ACEC Centrifugal, Accord, Aldrich, Anchor Darling, Argus, Atomac, Automax, BW Seals, Byron Jackson, Cameron, Calder, DuraClear, Durametallic, Durco, Edward, Five Star Seals, Flowserve, IDP, Innomag, Interseal, Jeumont-Schneider, Kammer, Limitorque, Logix, McCANNA/MARPAC, NAF, NAVAL, Noble Alloy, Norbro, Nordstrom, PMV, Pac-Seal, Pacific, Pacific Wietz, Pleuger, Polyvalve, Schmidt Armaturen, Scienco, Serck Audco, Sier-Bath Rotary, SIHI (Siemen & Hinsch), TKL, United Centrifugal, Valtek, Valtek EMA, Vogt, Western Land Roller, Wilson-Snyder, Worcester Controls, Worthington

===Acquisitions===
Flowserve has grown through mergers and acquisitions.

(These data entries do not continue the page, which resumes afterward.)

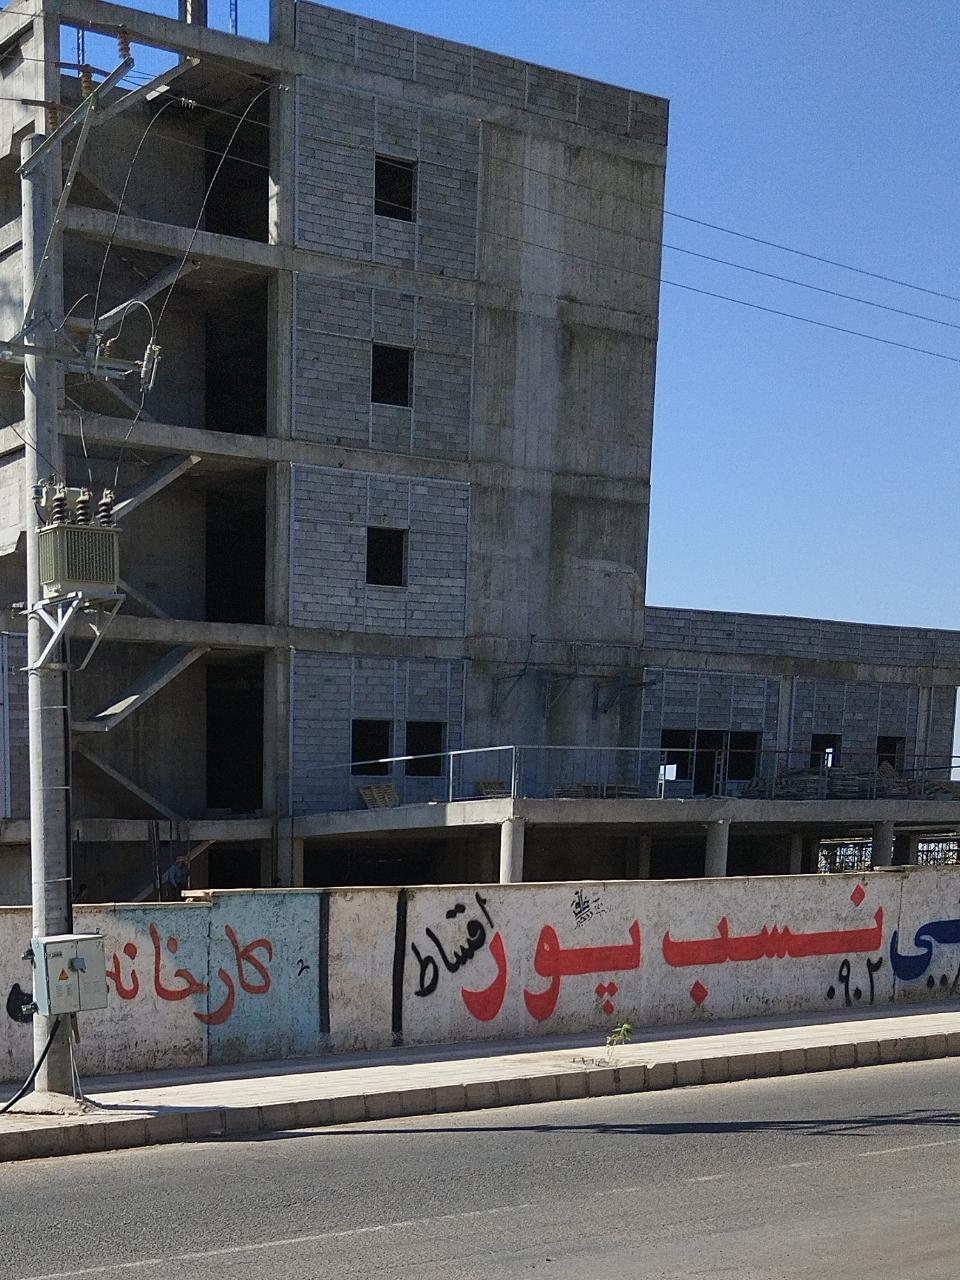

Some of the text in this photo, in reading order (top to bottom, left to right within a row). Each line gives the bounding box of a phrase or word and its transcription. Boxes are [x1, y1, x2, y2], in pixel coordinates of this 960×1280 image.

[106, 923, 274, 1025] کارخان
[411, 891, 494, 997] اقساط
[461, 919, 641, 1021] پور
[663, 883, 884, 1007] نسب
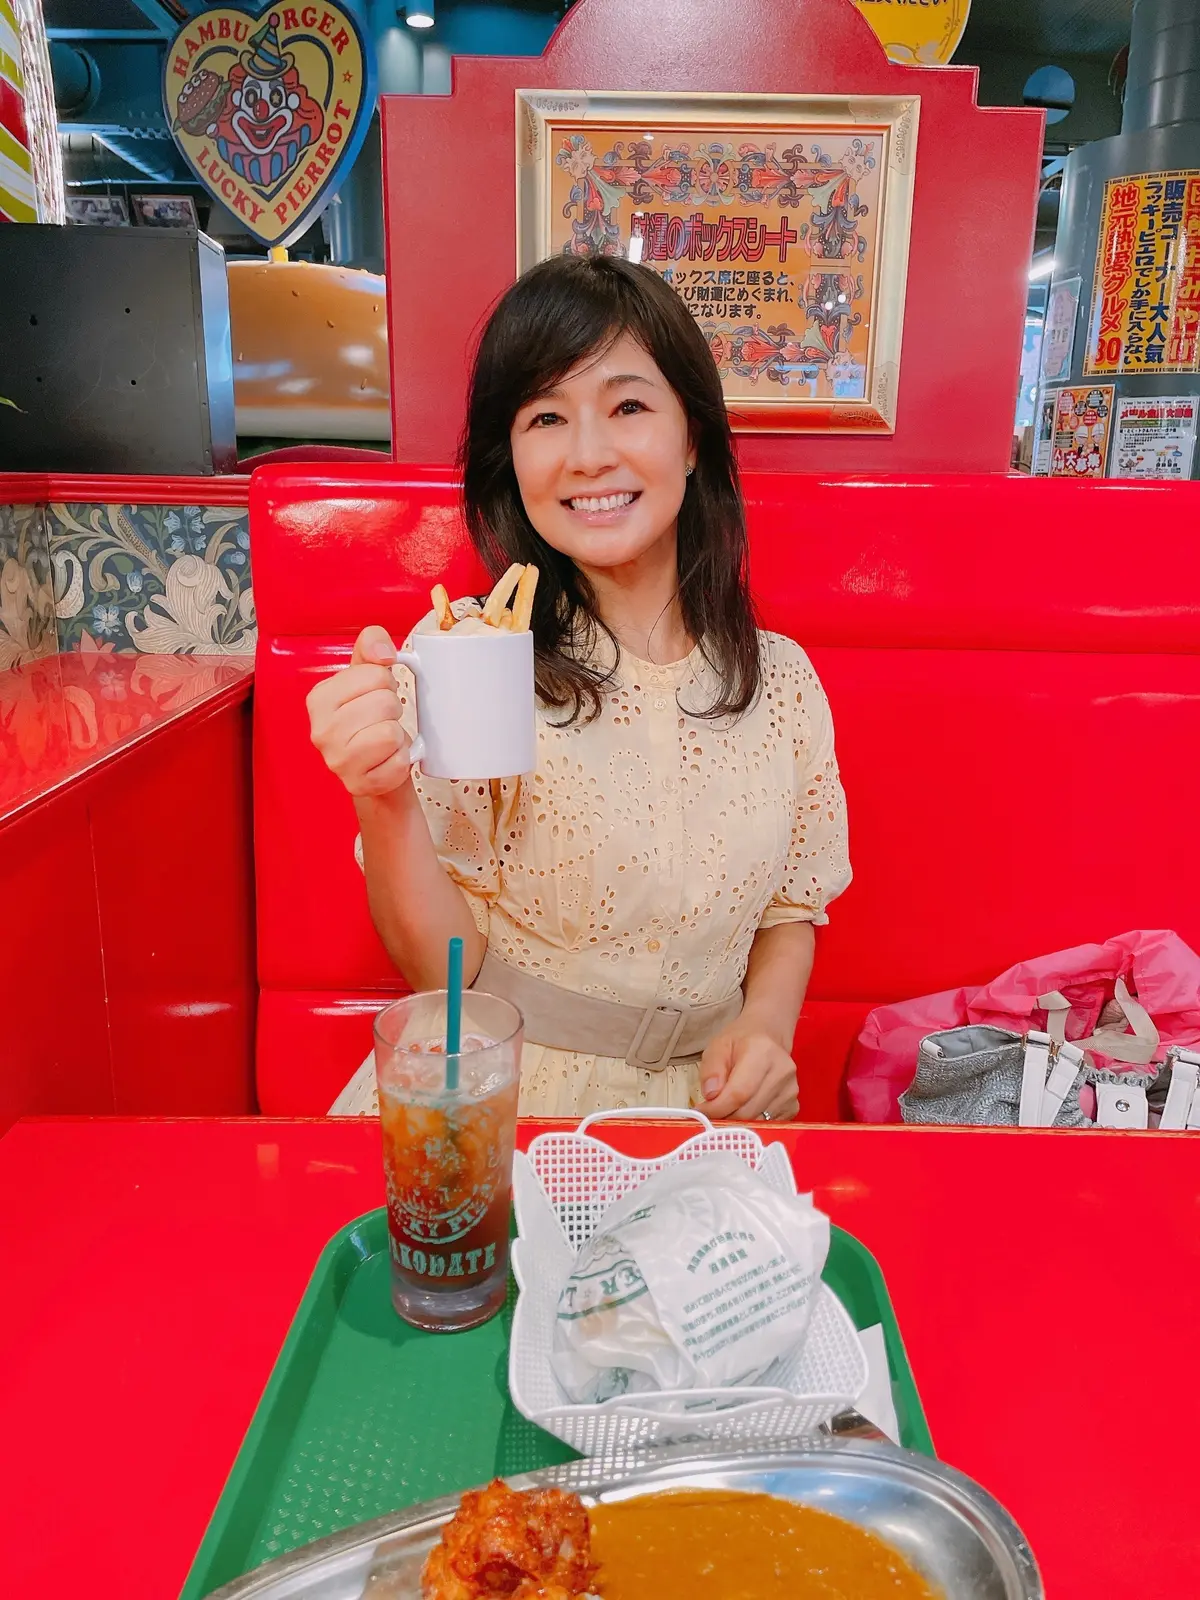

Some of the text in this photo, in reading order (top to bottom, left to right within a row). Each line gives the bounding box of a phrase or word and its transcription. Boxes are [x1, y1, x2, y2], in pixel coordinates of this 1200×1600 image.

[196, 98, 351, 226] LUCKY PIERROT
[1123, 181, 1163, 365] ラッキーピエロでしか手に入らない
[1144, 179, 1187, 364] 販売コーナー大人気

==== Acquisitions under Flowserve Corporation ====

- 1997 - Merger of BW/IP and Durco International (adoption of brand name Flowserve)
- 1997 - Stork Engineered Pumps
- 2000 - Ingersoll-Dresser Pumps (IDP)
- 2000 - Innovative Valve Technologies Inc. (Houston-based maintenance, repair, and replacement services for industrial valves, piping systems, and process system components)
- 2002 - Flow Control division of Invensys (manufacturer of valves, actuators and associated flow control products)
- 2004 - Thompsons Kelly & Lewis (Australian supplier of centrifugal pumps)
- 2005 - Interseal assets (from Australia-based Ludowici Mineral Processing Equipment Pty Ltd.)
- 2006 - HydroTechnik (privately held mechanical seal manufacturer based in Olomouc, Czech Republic)
- 2007 - MF Sealing Systems (British industrial pump and seal repairer)
- 2009 - Calder AG (Swiss desalination energy-recovery system provider)
- 2010 - Valbart Srl (privately owned Italian valve manufacturer)
- 2011 - Lawrence Pumps Inc. (privately held centrifugal pumps manufacturer)
- 2013 - Audco India Limited (MMN PLANT)
- 2013 - Innomag Sealless Pumps
- 2015 - Sihi Group
- 2024 - MOGAS (specialized valve manufacturer)

==Industries served==
- Oil and gas: production, refining, pipeline, gas processing
- Power generation: nuclear power, combine cycle, conventional boiler, renewable water energy
- Chemical processing: acid transfer, caustic and chlor-alkali, pharmaceuticals, polymers, slurry processing, solvents, volatile organic compounds, waste processing, auxiliary
- Water resources: water supply and distribution, water treatment, desalination, flood control, ground water development and irrigation, wastewater collection and treatment, snowmaking
- General industry: mining, primary metals, pulp and paper

==Educational services==
Over the years, Flowserve has extended their training centers in every region of the global market with main training centers in each region: Irving, Texas for North America, Etten-Leur, The Netherlands for Europe-Middle East-Africa, Rio de Janeiro, Brazil for Latin America, and Singapore for Asia Pacific. These main training locations are all equipped with classrooms, static power labs with complete pumping systems, and specialized practical training material. Besides the regular training offers, Educational Services offers customer specific training development supported by their own global development team. Besides these main training locations, each region also has multiple satellite training locations to serve students from around the world. There are currently 25 training locations worldwide consisting of 26 employees.

==Environmental efforts==
To support the Hurricane Katrina disaster relief, Flowserve donated $50,000 and matched up to $50,000 in employee donations to the Red Cross.